Europe’s Tado raises another $23M to grow smart thermostat and AC control business

Munich-based Tado, maker of smart thermostat and AC control products, has raised another $23 million for further international expansion. The new investment is led by Inven Capital, the venture capital arm of the Čez Group, a multinational energy conglomerate based in the Czech Republic. It’s the startup’s third funding round and brings the total raised to $57 million since being founded in 2011.

Tado’s previous backers include the venture capital unit of Siemens AG, and Statkraft Venture Capital, the investment company of Europe’s largest producer of renewable energy. In addition, Target Partners, Shortcut Ventures and BayBG are also investors.

Sharp-eyed readers will have noticed that, along with a number of traditional VCs, Tado’s investor list has a definite strategic bent to it, spanning the energy industry, including renewables, along with one of Germany’s largest engineering companies. That plays into the fact that the startup’s longer term mission is to not only make home climate control smarter for the benefit of each individual household but also the environment and national energy grid as whole.

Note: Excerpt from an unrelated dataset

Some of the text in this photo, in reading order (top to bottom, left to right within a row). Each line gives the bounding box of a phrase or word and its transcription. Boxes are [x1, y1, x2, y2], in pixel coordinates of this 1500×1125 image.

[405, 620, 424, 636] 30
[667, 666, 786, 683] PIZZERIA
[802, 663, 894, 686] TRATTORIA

The company’s two current products are a smart thermostat — resulting in Tado sometimes being called the Nest of Europe — and a smart AC controller. Both enable a home’s heating/cooling to be controlled via the Tado smartphone app, with a flagship geo-location feature that means Tado is able to know when you have left home or are returning and adjusts your heating or air conditioning accordingly.

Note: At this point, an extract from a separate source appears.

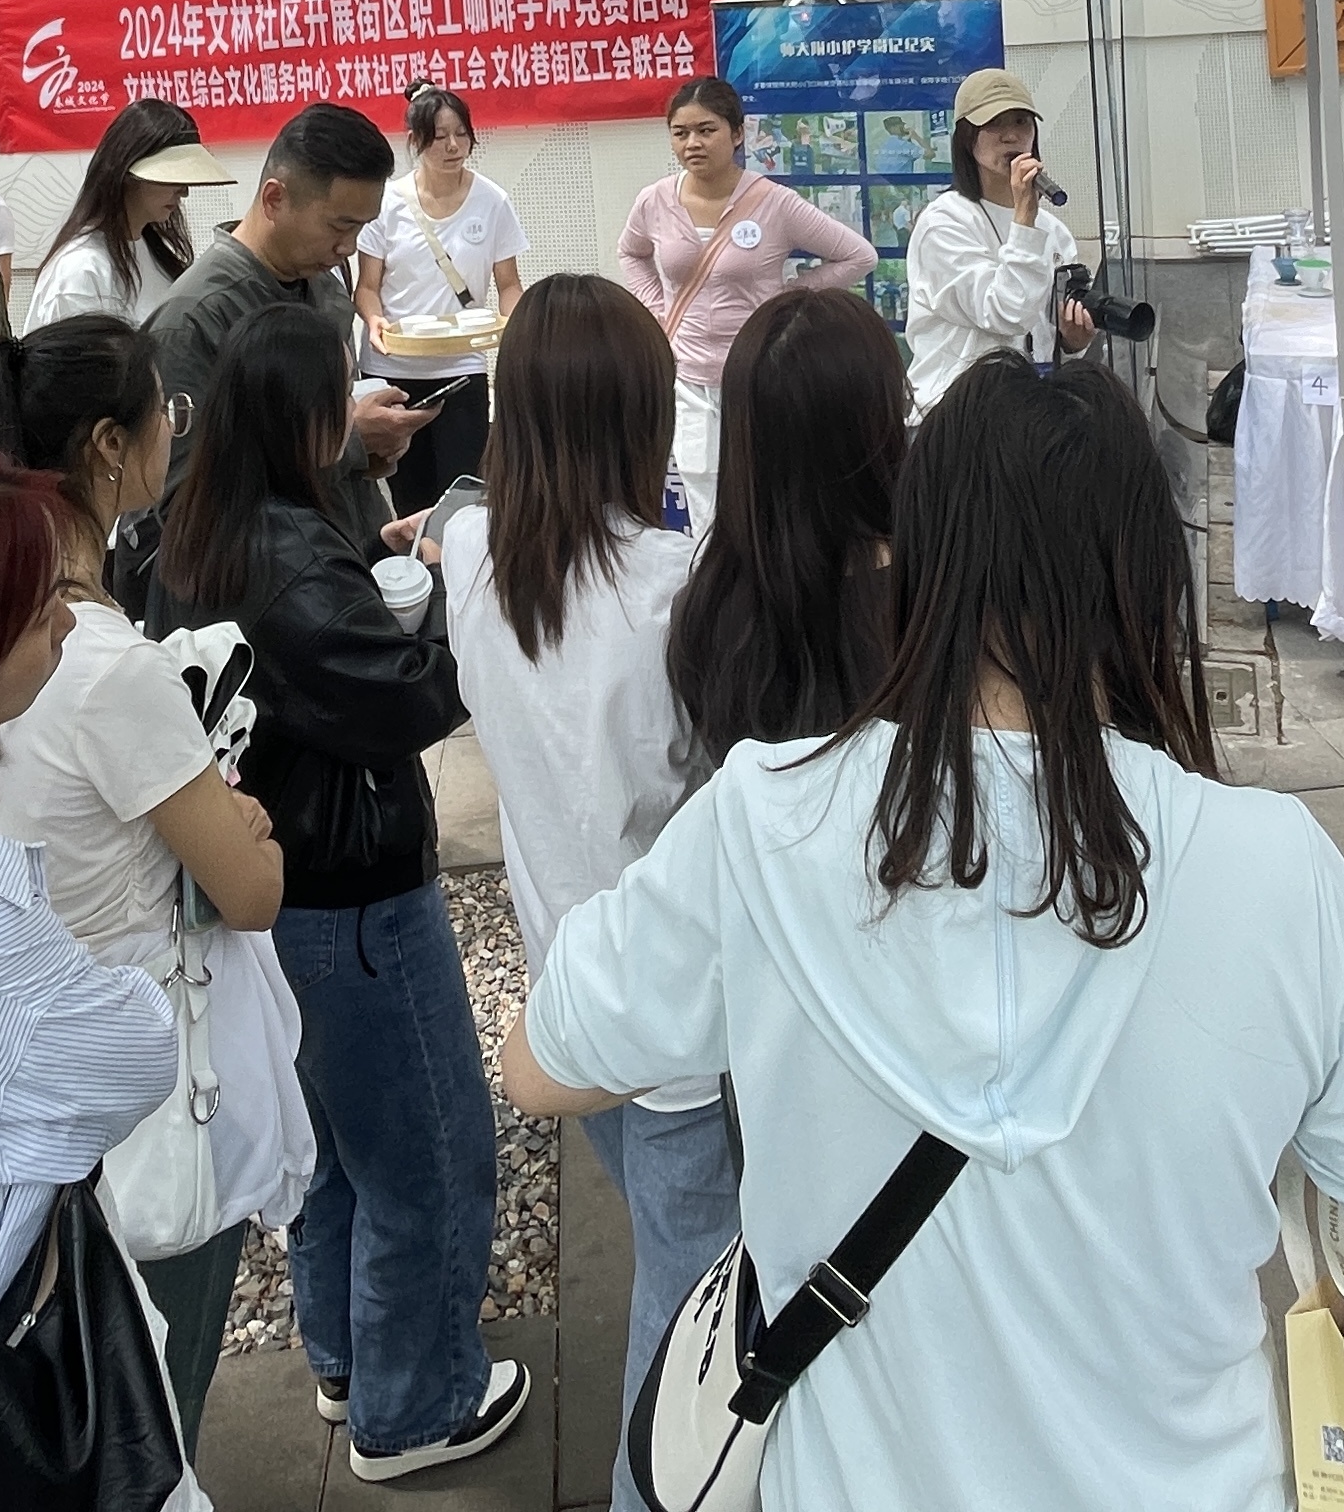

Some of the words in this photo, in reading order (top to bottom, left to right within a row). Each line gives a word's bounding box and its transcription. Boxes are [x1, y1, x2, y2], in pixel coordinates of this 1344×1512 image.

[123, 58, 332, 109] 文林社区综合文化服务中心
[490, 30, 695, 89] 文化巷街区工会联合会
[77, 79, 105, 94] 2024
[1311, 375, 1328, 396] 4

This, co-founder and CEO Christian Deilmann argues, is better than a purely ‘self-learning’ approach, such as that utilised by Nest, or relying on schedules alone, however much easier they are to program using a modern smartphone app.

In a call yesterday, he said that Tado’s location-based automation is still the main feature that provides differentiation from competitors at the point of sale in retail stores, such as Dixons Group in the U.K., where the Tado will often be sitting alongside products from Google-owned Nest or British Gas’ Hive. He also says 87 per cent of all Tado users take advantage of the geo-fencing functionality to automatically control their home’s climate.

But actually Tado is a much deeper tech play than smartphone and location-based control of your home’s heating and cooling systems alone. The startup’s smart thermostat has been painstakingly engineered to be able to connect to a boiler’s digital serial interface, more typically found in heating systems in Germany and elsewhere in Europe and in newer systems in general, which enables the cloud service to be able to do all sorts of other clever things.

This includes the ability to modulate heating, rather than simple switching the boiler on or off, as well as monitor the health of a house’s heating system remotely, sending diagnostics to a maintenance company or engineer. The former offers much greater energy efficiency, says Deilmann, while the latter can help prevent a boiler from failing outright because problems can be more easily caught in time.

Tado currently offers its diagnostics portal to partner installers and services companies as a way to build long term value into those relationships. However, in future it could monetize that aspect of its offering via, for example, a marketplace for parts or by providing a library of technical information in the cloud.

Then there’s the way Tado is planning to make its service smarter for the benefit of energy management overall, including at the national grid level. In practice this means partnerships with local utilities companies — and is perhaps where the startup’s strategic investors come even more into focus — to enable Tado and its customers to opt into ‘demand response’ schemes so that a home’s heating and cooling systems are utilised where possible outside of known peak energy times.

This could be a simple as turning your heating down by a few points without it really being noticeable or heating your home up a little ahead of time. In aggregate, this can make a tangible difference to the national grid’s ability to stabilize energy consumption and production, and, says Deilmann, is where the bigger picture of smart home climate control really kicks in.